## [Task to complete]
In full and without change, repeat the records shown below.

+--

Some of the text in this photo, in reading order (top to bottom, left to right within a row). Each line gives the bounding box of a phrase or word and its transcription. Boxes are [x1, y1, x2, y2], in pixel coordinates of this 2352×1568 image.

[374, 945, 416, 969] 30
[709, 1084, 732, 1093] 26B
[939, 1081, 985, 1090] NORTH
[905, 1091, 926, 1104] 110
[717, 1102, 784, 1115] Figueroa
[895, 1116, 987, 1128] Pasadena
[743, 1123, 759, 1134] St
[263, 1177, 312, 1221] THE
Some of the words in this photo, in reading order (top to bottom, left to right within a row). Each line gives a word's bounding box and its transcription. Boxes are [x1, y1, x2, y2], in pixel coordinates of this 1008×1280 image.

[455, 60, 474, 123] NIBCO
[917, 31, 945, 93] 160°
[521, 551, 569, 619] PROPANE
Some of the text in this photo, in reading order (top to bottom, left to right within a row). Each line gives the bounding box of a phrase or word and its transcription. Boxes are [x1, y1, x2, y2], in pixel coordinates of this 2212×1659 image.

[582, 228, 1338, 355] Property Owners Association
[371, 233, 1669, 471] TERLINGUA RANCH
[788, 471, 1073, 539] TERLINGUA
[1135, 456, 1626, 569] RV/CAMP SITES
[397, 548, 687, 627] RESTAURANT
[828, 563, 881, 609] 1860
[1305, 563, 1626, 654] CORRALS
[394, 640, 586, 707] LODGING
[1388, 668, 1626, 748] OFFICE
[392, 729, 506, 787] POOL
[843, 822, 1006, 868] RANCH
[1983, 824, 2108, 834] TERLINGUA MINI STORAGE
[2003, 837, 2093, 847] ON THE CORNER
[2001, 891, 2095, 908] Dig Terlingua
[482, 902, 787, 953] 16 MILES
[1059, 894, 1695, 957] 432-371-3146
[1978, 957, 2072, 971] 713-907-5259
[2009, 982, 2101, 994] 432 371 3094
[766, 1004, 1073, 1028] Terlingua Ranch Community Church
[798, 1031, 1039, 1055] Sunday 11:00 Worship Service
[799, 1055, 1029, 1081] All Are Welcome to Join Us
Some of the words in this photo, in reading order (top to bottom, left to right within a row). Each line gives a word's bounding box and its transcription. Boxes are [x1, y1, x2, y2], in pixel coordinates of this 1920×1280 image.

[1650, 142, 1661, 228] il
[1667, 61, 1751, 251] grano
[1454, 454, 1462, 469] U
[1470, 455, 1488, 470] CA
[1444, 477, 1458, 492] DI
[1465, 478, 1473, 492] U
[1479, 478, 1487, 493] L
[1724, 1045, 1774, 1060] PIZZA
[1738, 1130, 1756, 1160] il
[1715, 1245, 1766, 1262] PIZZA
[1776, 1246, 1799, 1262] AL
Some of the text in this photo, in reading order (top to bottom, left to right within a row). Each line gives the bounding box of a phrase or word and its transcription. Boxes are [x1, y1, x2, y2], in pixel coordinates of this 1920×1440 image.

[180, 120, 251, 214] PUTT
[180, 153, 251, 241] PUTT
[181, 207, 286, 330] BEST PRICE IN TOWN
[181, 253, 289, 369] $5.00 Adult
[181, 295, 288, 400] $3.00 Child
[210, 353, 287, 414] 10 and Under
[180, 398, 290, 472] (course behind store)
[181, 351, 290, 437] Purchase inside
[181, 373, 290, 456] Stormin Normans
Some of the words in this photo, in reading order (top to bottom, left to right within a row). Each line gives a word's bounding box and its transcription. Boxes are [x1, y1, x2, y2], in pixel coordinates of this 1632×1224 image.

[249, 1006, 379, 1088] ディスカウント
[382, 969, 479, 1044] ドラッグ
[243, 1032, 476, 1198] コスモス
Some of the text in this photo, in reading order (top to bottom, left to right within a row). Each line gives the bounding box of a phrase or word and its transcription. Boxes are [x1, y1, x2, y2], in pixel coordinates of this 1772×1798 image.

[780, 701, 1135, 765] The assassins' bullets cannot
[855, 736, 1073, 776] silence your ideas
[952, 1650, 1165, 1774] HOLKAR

+--

## [Written answer]
Some of the text in this photo, in reading order (top to bottom, left to right within a row). Each line gives the bounding box of a phrase or word and its transcription. Boxes are [x1, y1, x2, y2], in pixel coordinates of this 2352×1568 image.

[374, 945, 416, 969] 30
[709, 1084, 732, 1093] 26B
[939, 1081, 985, 1090] NORTH
[905, 1091, 926, 1104] 110
[717, 1102, 784, 1115] Figueroa
[895, 1116, 987, 1128] Pasadena
[743, 1123, 759, 1134] St
[263, 1177, 312, 1221] THE
Some of the words in this photo, in reading order (top to bottom, left to right within a row). Each line gives a word's bounding box and its transcription. Boxes are [x1, y1, x2, y2], in pixel coordinates of this 1008×1280 image.

[455, 60, 474, 123] NIBCO
[917, 31, 945, 93] 160°
[521, 551, 569, 619] PROPANE
Some of the text in this photo, in reading order (top to bottom, left to right within a row). Each line gives the bounding box of a phrase or word and its transcription. Boxes are [x1, y1, x2, y2], in pixel coordinates of this 2212×1659 image.

[582, 228, 1338, 355] Property Owners Association
[371, 233, 1669, 471] TERLINGUA RANCH
[788, 471, 1073, 539] TERLINGUA
[1135, 456, 1626, 569] RV/CAMP SITES
[397, 548, 687, 627] RESTAURANT
[828, 563, 881, 609] 1860
[1305, 563, 1626, 654] CORRALS
[394, 640, 586, 707] LODGING
[1388, 668, 1626, 748] OFFICE
[392, 729, 506, 787] POOL
[843, 822, 1006, 868] RANCH
[1983, 824, 2108, 834] TERLINGUA MINI STORAGE
[2003, 837, 2093, 847] ON THE CORNER
[2001, 891, 2095, 908] Dig Terlingua
[482, 902, 787, 953] 16 MILES
[1059, 894, 1695, 957] 432-371-3146
[1978, 957, 2072, 971] 713-907-5259
[2009, 982, 2101, 994] 432 371 3094
[766, 1004, 1073, 1028] Terlingua Ranch Community Church
[798, 1031, 1039, 1055] Sunday 11:00 Worship Service
[799, 1055, 1029, 1081] All Are Welcome to Join Us
Some of the words in this photo, in reading order (top to bottom, left to right within a row). Each line gives a word's bounding box and its transcription. Boxes are [x1, y1, x2, y2], in pixel coordinates of this 1920×1280 image.

[1650, 142, 1661, 228] il
[1667, 61, 1751, 251] grano
[1454, 454, 1462, 469] U
[1470, 455, 1488, 470] CA
[1444, 477, 1458, 492] DI
[1465, 478, 1473, 492] U
[1479, 478, 1487, 493] L
[1724, 1045, 1774, 1060] PIZZA
[1738, 1130, 1756, 1160] il
[1715, 1245, 1766, 1262] PIZZA
[1776, 1246, 1799, 1262] AL
Some of the text in this photo, in reading order (top to bottom, left to right within a row). Each line gives the bounding box of a phrase or word and its transcription. Boxes are [x1, y1, x2, y2], in pixel coordinates of this 1920×1440 image.

[180, 120, 251, 214] PUTT
[180, 153, 251, 241] PUTT
[181, 207, 286, 330] BEST PRICE IN TOWN
[181, 253, 289, 369] $5.00 Adult
[181, 295, 288, 400] $3.00 Child
[210, 353, 287, 414] 10 and Under
[180, 398, 290, 472] (course behind store)
[181, 351, 290, 437] Purchase inside
[181, 373, 290, 456] Stormin Normans
Some of the words in this photo, in reading order (top to bottom, left to right within a row). Each line gives a word's bounding box and its transcription. Boxes are [x1, y1, x2, y2], in pixel coordinates of this 1632×1224 image.

[249, 1006, 379, 1088] ディスカウント
[382, 969, 479, 1044] ドラッグ
[243, 1032, 476, 1198] コスモス
Some of the text in this photo, in reading order (top to bottom, left to right within a row). Each line gives the bounding box of a phrase or word and its transcription. Boxes are [x1, y1, x2, y2], in pixel coordinates of this 1772×1798 image.

[780, 701, 1135, 765] The assassins' bullets cannot
[855, 736, 1073, 776] silence your ideas
[952, 1650, 1165, 1774] HOLKAR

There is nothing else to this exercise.